= Task directions =
Nothing should be left out: write out the whole listing exactly.

<<<<

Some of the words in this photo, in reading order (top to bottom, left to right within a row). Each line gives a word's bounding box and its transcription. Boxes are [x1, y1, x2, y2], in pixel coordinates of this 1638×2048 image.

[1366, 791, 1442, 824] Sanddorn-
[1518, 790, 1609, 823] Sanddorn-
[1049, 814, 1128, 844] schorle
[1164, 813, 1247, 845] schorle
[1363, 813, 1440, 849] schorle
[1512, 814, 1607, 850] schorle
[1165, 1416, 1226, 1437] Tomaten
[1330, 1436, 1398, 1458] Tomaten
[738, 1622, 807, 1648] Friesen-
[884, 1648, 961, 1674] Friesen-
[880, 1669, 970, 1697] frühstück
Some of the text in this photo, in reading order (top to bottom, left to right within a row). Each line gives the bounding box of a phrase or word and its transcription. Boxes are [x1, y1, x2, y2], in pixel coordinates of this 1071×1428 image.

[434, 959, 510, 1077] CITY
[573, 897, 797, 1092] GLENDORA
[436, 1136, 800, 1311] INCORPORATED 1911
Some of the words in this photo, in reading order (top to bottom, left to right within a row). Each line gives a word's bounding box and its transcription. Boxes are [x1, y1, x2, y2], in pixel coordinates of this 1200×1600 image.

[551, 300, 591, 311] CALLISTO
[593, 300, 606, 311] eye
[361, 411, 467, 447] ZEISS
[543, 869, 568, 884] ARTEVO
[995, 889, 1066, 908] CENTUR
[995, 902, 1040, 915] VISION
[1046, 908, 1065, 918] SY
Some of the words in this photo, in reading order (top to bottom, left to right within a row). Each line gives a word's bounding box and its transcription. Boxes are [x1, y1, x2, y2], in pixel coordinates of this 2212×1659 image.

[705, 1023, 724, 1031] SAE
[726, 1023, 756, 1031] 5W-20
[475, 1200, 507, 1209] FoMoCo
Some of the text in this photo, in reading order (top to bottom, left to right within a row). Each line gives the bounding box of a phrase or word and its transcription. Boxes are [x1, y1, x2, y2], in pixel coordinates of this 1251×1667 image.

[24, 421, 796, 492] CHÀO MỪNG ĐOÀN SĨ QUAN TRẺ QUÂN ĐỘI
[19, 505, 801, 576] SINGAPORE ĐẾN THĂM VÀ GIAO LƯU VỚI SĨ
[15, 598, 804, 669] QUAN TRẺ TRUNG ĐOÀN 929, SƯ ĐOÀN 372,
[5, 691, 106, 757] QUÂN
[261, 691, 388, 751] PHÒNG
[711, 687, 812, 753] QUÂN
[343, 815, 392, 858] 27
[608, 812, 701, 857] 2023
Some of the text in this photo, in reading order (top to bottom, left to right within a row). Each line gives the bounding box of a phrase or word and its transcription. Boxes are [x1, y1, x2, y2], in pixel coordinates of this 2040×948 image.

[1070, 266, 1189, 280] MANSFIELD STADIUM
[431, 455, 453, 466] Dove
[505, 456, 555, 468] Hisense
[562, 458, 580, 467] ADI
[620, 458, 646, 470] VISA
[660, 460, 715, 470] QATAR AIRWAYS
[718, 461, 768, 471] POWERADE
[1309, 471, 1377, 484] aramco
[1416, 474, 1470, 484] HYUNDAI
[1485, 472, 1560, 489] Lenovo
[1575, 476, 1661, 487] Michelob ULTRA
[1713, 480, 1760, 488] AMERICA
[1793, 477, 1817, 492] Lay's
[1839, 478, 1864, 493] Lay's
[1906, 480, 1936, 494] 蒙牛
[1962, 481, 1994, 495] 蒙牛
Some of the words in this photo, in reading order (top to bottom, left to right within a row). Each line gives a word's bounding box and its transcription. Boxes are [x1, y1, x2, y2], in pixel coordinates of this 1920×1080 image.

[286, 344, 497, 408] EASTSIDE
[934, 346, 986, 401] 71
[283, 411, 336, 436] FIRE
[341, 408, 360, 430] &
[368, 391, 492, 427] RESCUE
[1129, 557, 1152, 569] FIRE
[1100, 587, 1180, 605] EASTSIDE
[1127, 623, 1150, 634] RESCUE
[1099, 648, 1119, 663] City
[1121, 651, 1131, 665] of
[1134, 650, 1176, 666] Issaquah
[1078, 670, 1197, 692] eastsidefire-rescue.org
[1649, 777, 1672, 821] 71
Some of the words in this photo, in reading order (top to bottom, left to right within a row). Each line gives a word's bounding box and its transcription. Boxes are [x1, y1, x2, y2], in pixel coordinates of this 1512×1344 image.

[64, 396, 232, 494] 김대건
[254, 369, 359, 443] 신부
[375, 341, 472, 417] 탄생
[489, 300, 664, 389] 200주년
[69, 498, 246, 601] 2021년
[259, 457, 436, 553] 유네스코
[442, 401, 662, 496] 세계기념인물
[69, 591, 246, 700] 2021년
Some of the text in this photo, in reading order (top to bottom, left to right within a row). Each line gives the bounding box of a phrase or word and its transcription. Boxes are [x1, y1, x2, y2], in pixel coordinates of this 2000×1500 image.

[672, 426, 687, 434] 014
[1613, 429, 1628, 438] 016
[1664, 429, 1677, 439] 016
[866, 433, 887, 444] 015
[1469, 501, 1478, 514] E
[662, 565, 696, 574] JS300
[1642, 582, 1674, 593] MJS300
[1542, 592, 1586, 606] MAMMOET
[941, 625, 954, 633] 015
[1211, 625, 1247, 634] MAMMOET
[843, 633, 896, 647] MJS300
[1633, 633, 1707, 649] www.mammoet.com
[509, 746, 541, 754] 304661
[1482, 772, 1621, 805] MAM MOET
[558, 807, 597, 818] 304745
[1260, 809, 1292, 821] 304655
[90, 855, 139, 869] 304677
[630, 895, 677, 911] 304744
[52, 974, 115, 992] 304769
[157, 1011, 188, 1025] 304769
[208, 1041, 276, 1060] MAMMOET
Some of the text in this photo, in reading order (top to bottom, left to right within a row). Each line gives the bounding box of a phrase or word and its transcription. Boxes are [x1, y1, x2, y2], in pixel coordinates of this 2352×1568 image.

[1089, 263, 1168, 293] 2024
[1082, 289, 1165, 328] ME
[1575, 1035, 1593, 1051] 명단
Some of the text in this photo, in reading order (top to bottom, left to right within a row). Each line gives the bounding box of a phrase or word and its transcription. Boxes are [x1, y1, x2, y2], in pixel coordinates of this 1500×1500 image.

>>>>

= Your response =
Some of the words in this photo, in reading order (top to bottom, left to right within a row). Each line gives a word's bounding box and its transcription. Boxes are [x1, y1, x2, y2], in pixel coordinates of this 1638×2048 image.

[1366, 791, 1442, 824] Sanddorn-
[1518, 790, 1609, 823] Sanddorn-
[1049, 814, 1128, 844] schorle
[1164, 813, 1247, 845] schorle
[1363, 813, 1440, 849] schorle
[1512, 814, 1607, 850] schorle
[1165, 1416, 1226, 1437] Tomaten
[1330, 1436, 1398, 1458] Tomaten
[738, 1622, 807, 1648] Friesen-
[884, 1648, 961, 1674] Friesen-
[880, 1669, 970, 1697] frühstück
Some of the text in this photo, in reading order (top to bottom, left to right within a row). Each line gives the bounding box of a phrase or word and its transcription. Boxes are [x1, y1, x2, y2], in pixel coordinates of this 1071×1428 image.

[434, 959, 510, 1077] CITY
[573, 897, 797, 1092] GLENDORA
[436, 1136, 800, 1311] INCORPORATED 1911
Some of the words in this photo, in reading order (top to bottom, left to right within a row). Each line gives a word's bounding box and its transcription. Boxes are [x1, y1, x2, y2], in pixel coordinates of this 1200×1600 image.

[551, 300, 591, 311] CALLISTO
[593, 300, 606, 311] eye
[361, 411, 467, 447] ZEISS
[543, 869, 568, 884] ARTEVO
[995, 889, 1066, 908] CENTUR
[995, 902, 1040, 915] VISION
[1046, 908, 1065, 918] SY
Some of the words in this photo, in reading order (top to bottom, left to right within a row). Each line gives a word's bounding box and its transcription. Boxes are [x1, y1, x2, y2], in pixel coordinates of this 2212×1659 image.

[705, 1023, 724, 1031] SAE
[726, 1023, 756, 1031] 5W-20
[475, 1200, 507, 1209] FoMoCo
Some of the text in this photo, in reading order (top to bottom, left to right within a row). Each line gives the bounding box of a phrase or word and its transcription. Boxes are [x1, y1, x2, y2], in pixel coordinates of this 1251×1667 image.

[24, 421, 796, 492] CHÀO MỪNG ĐOÀN SĨ QUAN TRẺ QUÂN ĐỘI
[19, 505, 801, 576] SINGAPORE ĐẾN THĂM VÀ GIAO LƯU VỚI SĨ
[15, 598, 804, 669] QUAN TRẺ TRUNG ĐOÀN 929, SƯ ĐOÀN 372,
[5, 691, 106, 757] QUÂN
[261, 691, 388, 751] PHÒNG
[711, 687, 812, 753] QUÂN
[343, 815, 392, 858] 27
[608, 812, 701, 857] 2023
Some of the text in this photo, in reading order (top to bottom, left to right within a row). Each line gives the bounding box of a phrase or word and its transcription. Boxes are [x1, y1, x2, y2], in pixel coordinates of this 2040×948 image.

[1070, 266, 1189, 280] MANSFIELD STADIUM
[431, 455, 453, 466] Dove
[505, 456, 555, 468] Hisense
[562, 458, 580, 467] ADI
[620, 458, 646, 470] VISA
[660, 460, 715, 470] QATAR AIRWAYS
[718, 461, 768, 471] POWERADE
[1309, 471, 1377, 484] aramco
[1416, 474, 1470, 484] HYUNDAI
[1485, 472, 1560, 489] Lenovo
[1575, 476, 1661, 487] Michelob ULTRA
[1713, 480, 1760, 488] AMERICA
[1793, 477, 1817, 492] Lay's
[1839, 478, 1864, 493] Lay's
[1906, 480, 1936, 494] 蒙牛
[1962, 481, 1994, 495] 蒙牛
Some of the words in this photo, in reading order (top to bottom, left to right within a row). Each line gives a word's bounding box and its transcription. Boxes are [x1, y1, x2, y2], in pixel coordinates of this 1920×1080 image.

[286, 344, 497, 408] EASTSIDE
[934, 346, 986, 401] 71
[283, 411, 336, 436] FIRE
[341, 408, 360, 430] &
[368, 391, 492, 427] RESCUE
[1129, 557, 1152, 569] FIRE
[1100, 587, 1180, 605] EASTSIDE
[1127, 623, 1150, 634] RESCUE
[1099, 648, 1119, 663] City
[1121, 651, 1131, 665] of
[1134, 650, 1176, 666] Issaquah
[1078, 670, 1197, 692] eastsidefire-rescue.org
[1649, 777, 1672, 821] 71
Some of the words in this photo, in reading order (top to bottom, left to right within a row). Each line gives a word's bounding box and its transcription. Boxes are [x1, y1, x2, y2], in pixel coordinates of this 1512×1344 image.

[64, 396, 232, 494] 김대건
[254, 369, 359, 443] 신부
[375, 341, 472, 417] 탄생
[489, 300, 664, 389] 200주년
[69, 498, 246, 601] 2021년
[259, 457, 436, 553] 유네스코
[442, 401, 662, 496] 세계기념인물
[69, 591, 246, 700] 2021년
Some of the text in this photo, in reading order (top to bottom, left to right within a row). Each line gives the bounding box of a phrase or word and its transcription. Boxes are [x1, y1, x2, y2], in pixel coordinates of this 2000×1500 image.

[672, 426, 687, 434] 014
[1613, 429, 1628, 438] 016
[1664, 429, 1677, 439] 016
[866, 433, 887, 444] 015
[1469, 501, 1478, 514] E
[662, 565, 696, 574] JS300
[1642, 582, 1674, 593] MJS300
[1542, 592, 1586, 606] MAMMOET
[941, 625, 954, 633] 015
[1211, 625, 1247, 634] MAMMOET
[843, 633, 896, 647] MJS300
[1633, 633, 1707, 649] www.mammoet.com
[509, 746, 541, 754] 304661
[1482, 772, 1621, 805] MAM MOET
[558, 807, 597, 818] 304745
[1260, 809, 1292, 821] 304655
[90, 855, 139, 869] 304677
[630, 895, 677, 911] 304744
[52, 974, 115, 992] 304769
[157, 1011, 188, 1025] 304769
[208, 1041, 276, 1060] MAMMOET
Some of the text in this photo, in reading order (top to bottom, left to right within a row). Each line gives the bounding box of a phrase or word and its transcription. Boxes are [x1, y1, x2, y2], in pixel coordinates of this 2352×1568 image.

[1089, 263, 1168, 293] 2024
[1082, 289, 1165, 328] ME
[1575, 1035, 1593, 1051] 명단
Some of the text in this photo, in reading order (top to bottom, left to right within a row). Each line gives the bounding box of a phrase or word and its transcription. Boxes are [x1, y1, x2, y2], in pixel coordinates of this 1500×1500 image.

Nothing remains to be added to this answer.